• Vortis Sound Studios

Basics Of Recording: Strings

Updated: Feb 19, 2020

Strings are a fantastic addition to music. Practically any and every genre can be improved with a string section (....Ok, maybe not punk music!) So here's some thoughts on capturing strings


String Section

If you're recording a string quartet for example, the best way to go about that is all together! If you have two inputs then a spaced stereo pair will capture the general sound for you. However if you have 3+ inputs you can start to get creative!


The 'mid-side' technique can be great for capturing overall sound. It involves 3 microphones- two pointing away from each other and one pointing straight in front (picture a clock with microphones close together pointing at 9, 12 and 3 o'clock). You can capture a great ambiance with this technique


Any condenser microphones will do the job here, so use what you have! If you have two of the same microphone that will help bring the sound together a little.


The trick when capturing ambiance is to think through how you want the stereo sound to spread out. Generally you want bassier instruments in the centre of the stereo field and lighter ones out to the side- so for example putting the cello (or double bass) in the middle of the group will naturally help you record a better sound.


Single Instrument Recording

But what if you don't have a string section? What if you only have 1 musician and you want to layer parts? Well that's an even simpler job!

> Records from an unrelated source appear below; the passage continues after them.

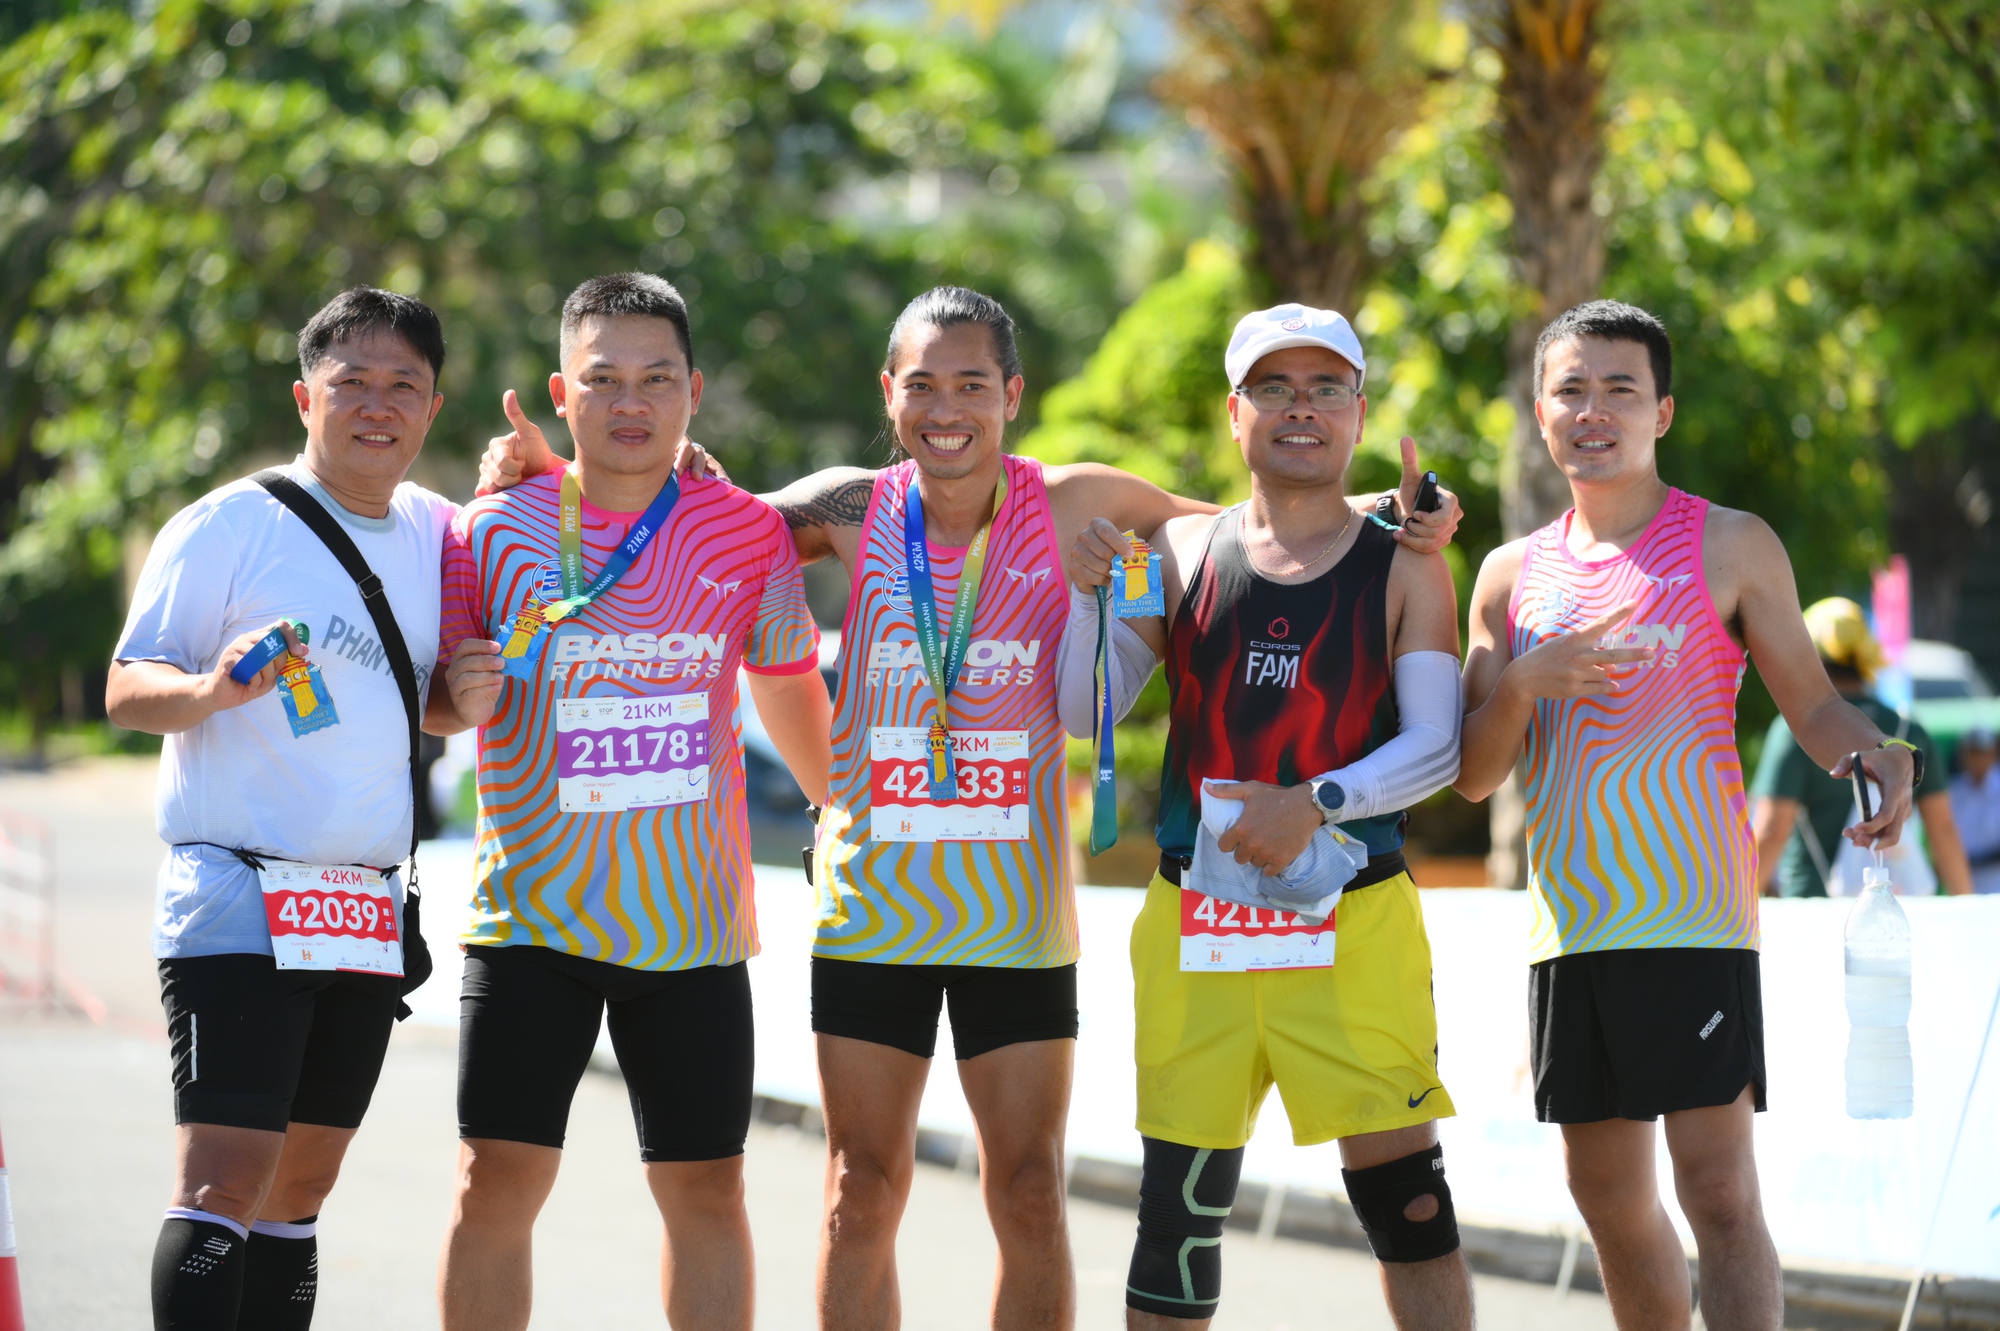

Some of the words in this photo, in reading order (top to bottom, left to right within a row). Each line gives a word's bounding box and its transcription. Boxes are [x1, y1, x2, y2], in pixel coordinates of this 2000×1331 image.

[565, 505, 576, 532] 21KM
[627, 525, 651, 555] 21KM
[567, 553, 577, 578] PHAN
[912, 541, 924, 573] 42KM
[594, 573, 615, 592] XANH
[961, 582, 972, 607] PHAN
[921, 602, 932, 628] XANH
[1117, 600, 1137, 608] PHAN
[1120, 606, 1161, 614] MARATHON
[321, 614, 387, 672] PHAN
[554, 632, 728, 663] BASON
[867, 639, 1041, 668] BAON
[1250, 640, 1301, 651] COROS
[550, 661, 722, 681] RUNNERS
[945, 635, 961, 687] MARATHON
[1245, 651, 1300, 689] FAM
[865, 668, 1035, 688] RUNERS
[623, 702, 672, 720] 21KM
[571, 729, 690, 769] 21178
[951, 737, 989, 752] 2KM
[883, 765, 1005, 799] 4233
[320, 869, 364, 886] 42KM
[278, 896, 379, 932] 42039
[179, 1266, 207, 1276] PORT
[186, 1260, 212, 1271] RESS
[192, 1253, 218, 1265] COMP

With any string instrument of these types, mic them a few feet away from the body, pointing the mic between the sound holes and the fingerboard, it will get a nice balance for you.


With cello's and double bass, use a large diaphragm condenser or a ribbon mic, aim this mic at the bridge of the instrument, microphone a few feet back.


With violas and violins a small diaphragm condenser between sound holes and fingerboard will capture a nice balanced tone.

Remember, if you're unsure, experiment with your equipment and get the best sound you can, then stop messing about and record!


If you have any other suggestions for this series I'm happy to continue, however next time I will look at building a good collection of microphones for band recording - getting bang for buck and a variety of tone!


What are your thoughts? Is there anything I missed you consider essential? Comment below to let me know!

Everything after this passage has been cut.